Uma das premissas fundamentais do Marco Legal é que a fiscalização dos recursos públicos usados nos projetos deve ser feita em cima dos resultados finais, e não dos processos intermediários. Em outras palavras: o que os órgãos de controle devem fiscalizar é se a pesquisa foi feita e quais foram os resultados obtidos; não se o número de canetas adquiridas foi exatamente o que estava previsto, ou se o pesquisador comparou preços suficientes antes de adquirir um microscópio eletrônico. Muitos insumos e equipamentos de alta tecnologia usados em pesquisa têm um único fornecedor, o que é a principal justificativa para a dispensa da obrigatoriedade de licitações.

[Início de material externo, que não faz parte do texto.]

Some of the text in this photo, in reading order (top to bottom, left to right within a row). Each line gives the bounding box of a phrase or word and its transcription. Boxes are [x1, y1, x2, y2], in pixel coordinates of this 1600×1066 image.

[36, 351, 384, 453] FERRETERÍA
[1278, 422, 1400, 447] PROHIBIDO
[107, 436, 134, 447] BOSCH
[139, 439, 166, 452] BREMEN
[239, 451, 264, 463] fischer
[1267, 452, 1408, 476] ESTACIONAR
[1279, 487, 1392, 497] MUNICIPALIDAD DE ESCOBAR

Outro ponto importante, que diferencia a ciência de outras áreas, é que não é possível prever exatamente como será a execução de um projeto do início ao fim, pois muitas vezes o pesquisador é obrigado a mudar de estratégia ao longo do percurso, dependendo dos resultados de seus experimentos. Para construir um prédio é possível calcular exatamente quantos tijolos, quantas escavadeiras e quantos quilos de areia serão necessários, por exemplo. Para desenvolver um medicamento, não. “O pessoal ainda não entendeu que a ciência é diferente”, afirma Helena Nader.

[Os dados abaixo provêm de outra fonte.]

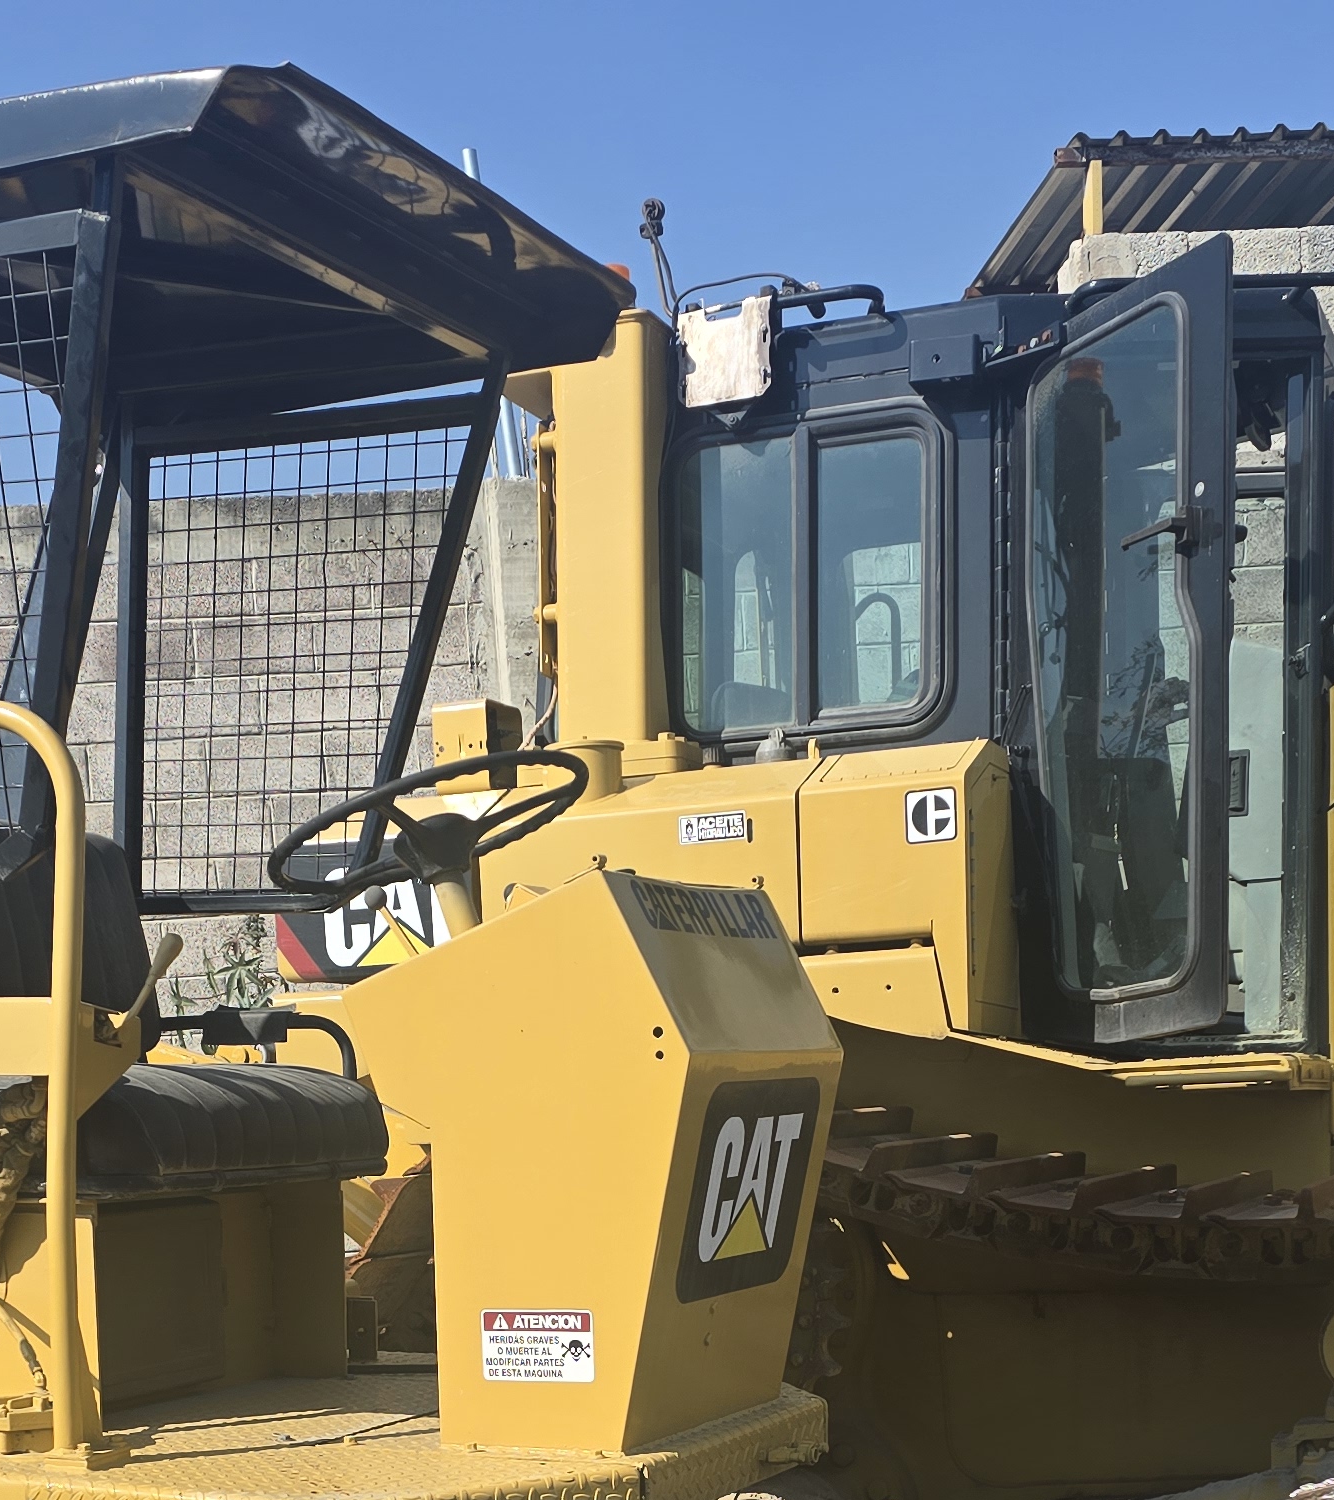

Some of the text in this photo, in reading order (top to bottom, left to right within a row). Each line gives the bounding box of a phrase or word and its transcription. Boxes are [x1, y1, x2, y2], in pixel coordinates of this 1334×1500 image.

[698, 814, 743, 829] ACEITE
[630, 879, 778, 939] CATERPILLAR
[698, 1113, 804, 1263] CAT
[512, 1314, 582, 1330] ATENCION
[526, 1335, 560, 1345] GRAVES
[497, 1346, 553, 1356] O MUERTE AL
[485, 1357, 565, 1367] MODIFICAR PARTES
[488, 1368, 564, 1378] DE ESTA MAQUINA

“Se é pesquisa, eu não tenho como saber qual é o caminho que ela vai seguir. Se eu soubesse, não precisava fazer a pesquisa”, desabafa Peregrino, em entrevista ao Jornal da USP. “A burocracia não entende isso; eles querem que você diga exatamente o que vai fazer do início ao fim.” E continua. “O importante para eles é a prestação de contas, não o resultado. Isso é um estímulo ao desperdício — de que adianta gastar o dinheiro se você não chegou a lugar nenhum? É absurdo.”
“Ficou muito claro que a gente está discutindo uma mudança de mentalidade. É uma coisa muito difícil isso”, disse o secretário de controle interno da Controladoria-Geral da União (CGU), Antonio Carlos Leonel, durante a sua participação na mesa do Confies, em novembro. “A prestação de contas é um direito da sociedade, só que a gente não precisa fazer tão mal”, completou. “A gente gasta mais controlando do que com o valor da compra.”

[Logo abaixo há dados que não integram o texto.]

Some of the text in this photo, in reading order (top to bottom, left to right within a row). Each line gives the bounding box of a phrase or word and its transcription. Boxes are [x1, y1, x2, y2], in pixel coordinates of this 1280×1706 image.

Segundo Leonel, as mudanças administrativas necessárias já estão sendo implementadas nos órgãos de controle e nos ministérios envolvidos, “o que vai dar condições para fazer a mudança de mentalidade”.
Por parte das universidades, é preciso ainda detalhar melhor os procedimentos internos necessários para colocar em prática alguns instrumento dos Marco Legal — como, por exemplo, o uso de laboratórios acadêmicos pela iniciativa privada. “Não basta dizer que algo pode ser feito; é preciso ter procedimentos muito claros especificando como isso vai ser feito”, explica Geciane, da Agência USP de Inovação. Alguns desses procedimentos já existem, segundo ela, “mas tem dificuldade de aceitação”. Outros são genéricos demais e precisam ser melhor detalhados para funcionar. “Se já tivéssemos 100% do Marco Legal implementado, certamente estaríamos fazendo muito mais”, diz.
“É tudo tão burocrático que as pessoas desistem no meio do caminho”, afirma Figueira, da Fusp. “Perdemos muitas oportunidades com isso.”